Characterization of peripheral-type benzodiazepine binding sites in brain using [3H]Ro 5-4864

Abstract

The binding of [3H]Ro 5-4864 to the peripheral-type benzodiazepine binding site in brain is characterized. The binding is saturable, high-affinity (KD = 1.6 nM), and reversible. The comparison of [3H]Ro 5-4864 and [3H]diazepam binding sites reveals major differences which include the following. There are about one-fourth as many peripheral-type binding sites than central sites in brain. Peripheral sites are present in many extranervous tissues and have a brain regional distribution distinct from that of the central-type receptor. The [3H]Ro 5-4864 binding site also is apparently highly localized in the nuclear membrane in contrast to the central-type receptor, which is synaptosomal. gamma-Aminobutyric acid has no effect on [3H]Ro 5-8464 binding, again in contrast to its marked effect on [3H]diazepam binding.

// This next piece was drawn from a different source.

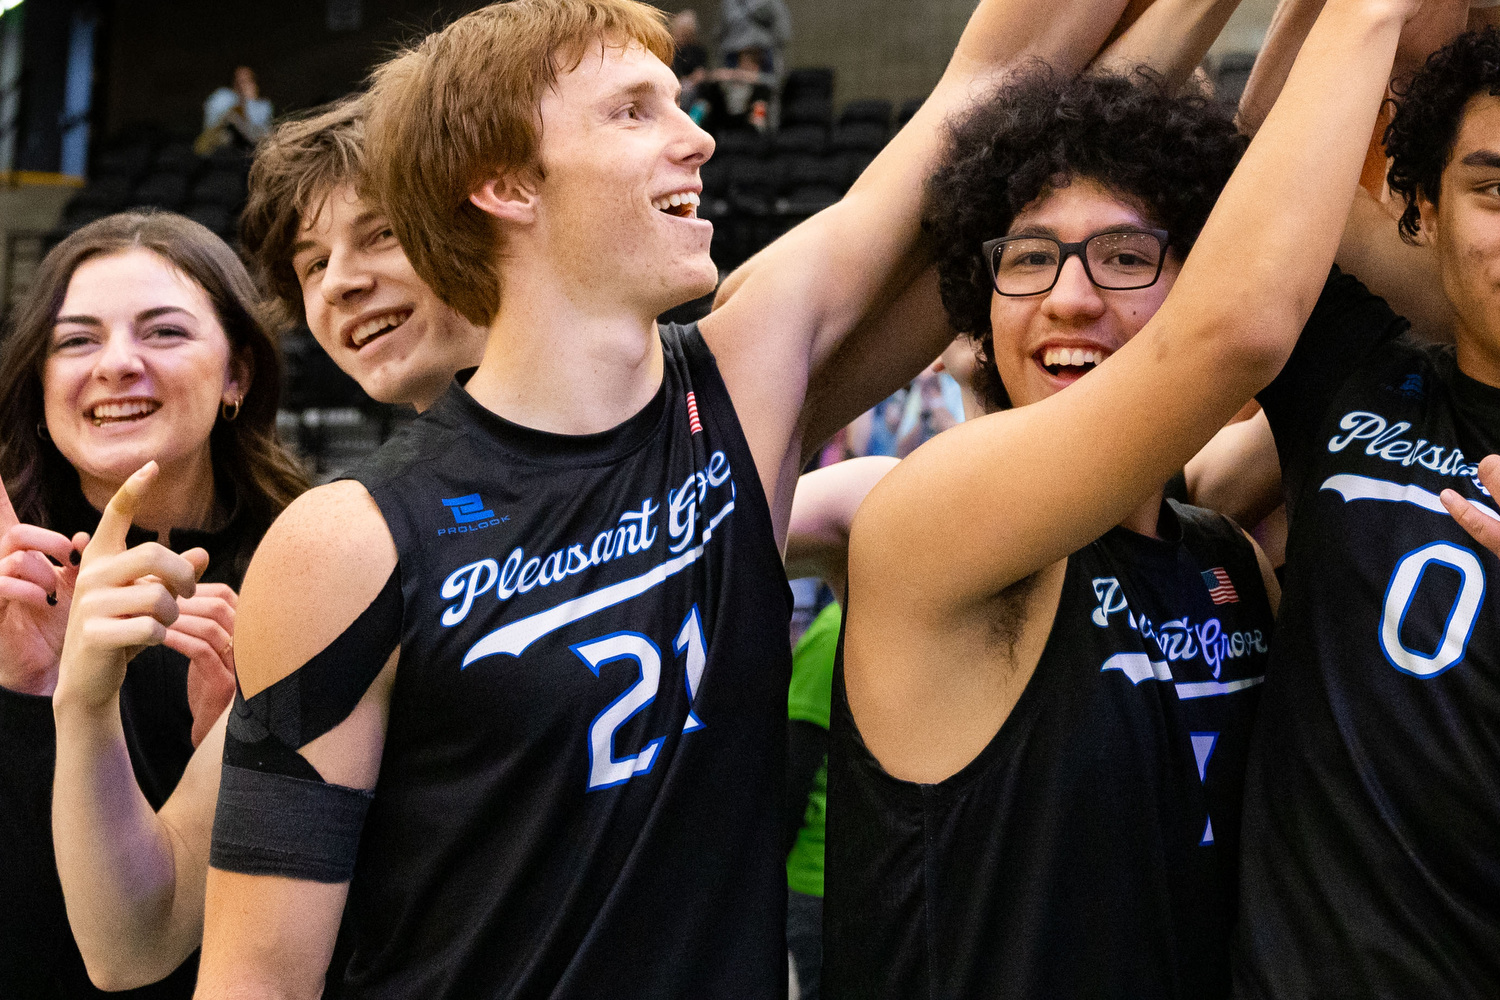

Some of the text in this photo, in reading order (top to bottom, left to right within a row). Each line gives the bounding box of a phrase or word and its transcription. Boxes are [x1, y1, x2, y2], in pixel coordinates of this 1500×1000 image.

Various putative benzodiazepine receptor ligands, such as purines, beta-carbolines, and kynurenamines, are also inactive as inhibitors of [3H]Ro 5-4864 binding. Blocking the benzodiazepine receptor by photoaffinity labeling decreases [3H]diazepam binding by more than 80% and has no effect on [3H]Ro 5-4864 binding. These results indicate that the peripheral-type benzodiazepine binding site in brain is a separate entity whose physiological function is probably distinct from that of the central-type benzodiazepine receptor.